Cardiovascular Drugs

Cardiovascular drugs are a common cause of poisoning in the United States; in 2010, 97,336 exposures to cardiovascular drugs were reported to U.S. Poison Control Centers.1 Cardiovascular drugs are the second most common cause, accounting for more than 10%, of all poisoning deaths in the United States. Of the scores of cardiovascular drugs, three classes—cardioactive steroids (primarily digoxin), beta-adrenergic blockers, and calcium channel blockers—account for the majority of fatalities.
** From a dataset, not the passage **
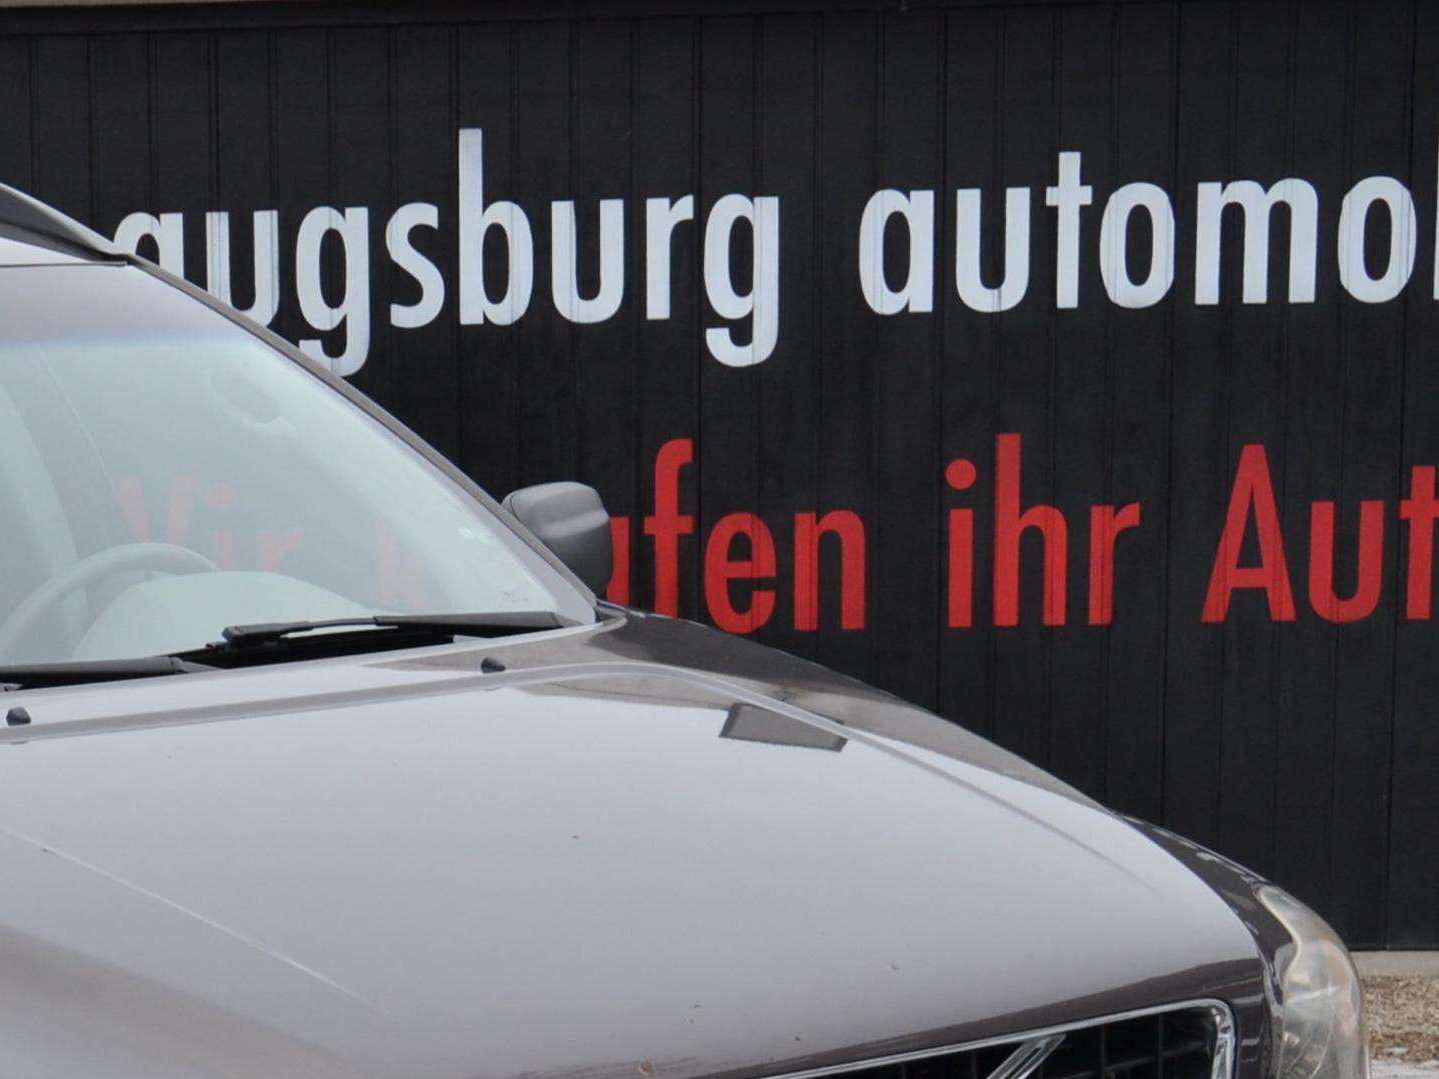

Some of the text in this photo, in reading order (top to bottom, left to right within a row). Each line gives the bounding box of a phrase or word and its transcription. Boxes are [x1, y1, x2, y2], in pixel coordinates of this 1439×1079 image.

Cardioactive Steroids (Digoxin)

Perspective

Digoxin is derived from the Balkan foxglove plant, Digitalis lanata (Fig. 152-1), and the trade name for digoxin (Lanoxin) is derived from the Latin name of this plant.2 Digitoxin, which is no longer in clinical use, comes from Digitalis purpurea.2 Although William Withering was the first to describe the medicinal use of the foxglove plant,3 the ancient Egyptians reference medicinal use of foxglove. Despite centuries of experience with digitalis, chronic and acute poisonings still occur. Controversy about the therapeutic benefit of cardioactive steroids is not new. Benjamin Rush wrote in 1797, “I suspect the cases in which [digitalis preparations] were useful to have been either so few or doubtful and that the cases they had done harm were so much more numerous and unequivocal as justly to banish them from the Materia Medica.4 Medication errors and toxic effects account for the most common causes (44%) of preventable iatrogenic cardiac arrests.

Principles of Disease

Pathophysiology

Digoxin is used therapeutically (1) to increase the force of myocardial contraction to increase cardiac output in patients with heart failure and (2) to decrease atrioventricular (AV) conduction to slow the ventricular rate in atrial fibrillation. The basis for its first effect is inhibition of membrane sodium-potassium–adenosine triphosphatase (Na+,K+-ATPase), which increases intracellular sodium and extracellular potassium concentrations. This increase in intracellular sodium concentration results in dysfunction of the sodium-calcium ion exchanger, which normally extrudes intracellular calcium after systole. This subsequent increase in intracellular calcium concentration results in a larger amount of calcium pumped into the sarcoplasmic reticulum, so that on calcium-induced calcium release during subsequent action potentials, a larger amount of calcium is released into the cell, causing a more powerful contraction and thus increased cardiac output. Any molecule with this effect is classified as a cardioactive steroid. Cardiac glycosides (such as digoxin) are merely cardioactive steroids with additional sugar moieties attached to their steroid nucleus. At therapeutic doses, the effects of digoxin on serum electrolyte levels are minimal. With toxic levels, digoxin paralyzes the Na+,K+-ATPase pump, potassium cannot be transported into cells, and serum potassium concentration can rise as high as 13.5 mmol/L.5

Digoxin exerts direct and indirect effects on sinoatrial (SA) and AV nodal fibers. At therapeutic levels, digoxin indirectly increases vagal activity. At toxic levels, digoxin can directly block the generation of impulses in the SA node, depress conduction through the AV node, and increase the sensitivity of the SA and AV nodes to catecholamines. Catecholamines, whether endogenous or administered to treat bradydysrhythmias or hypotension, probably play an important role in digoxin toxicity. Because bradydysrhythmias and tachydysrhythmias can appear and alternate in the same patient, administration of drugs to treat tachycardias may later contribute to more refractory bradycardias and AV block.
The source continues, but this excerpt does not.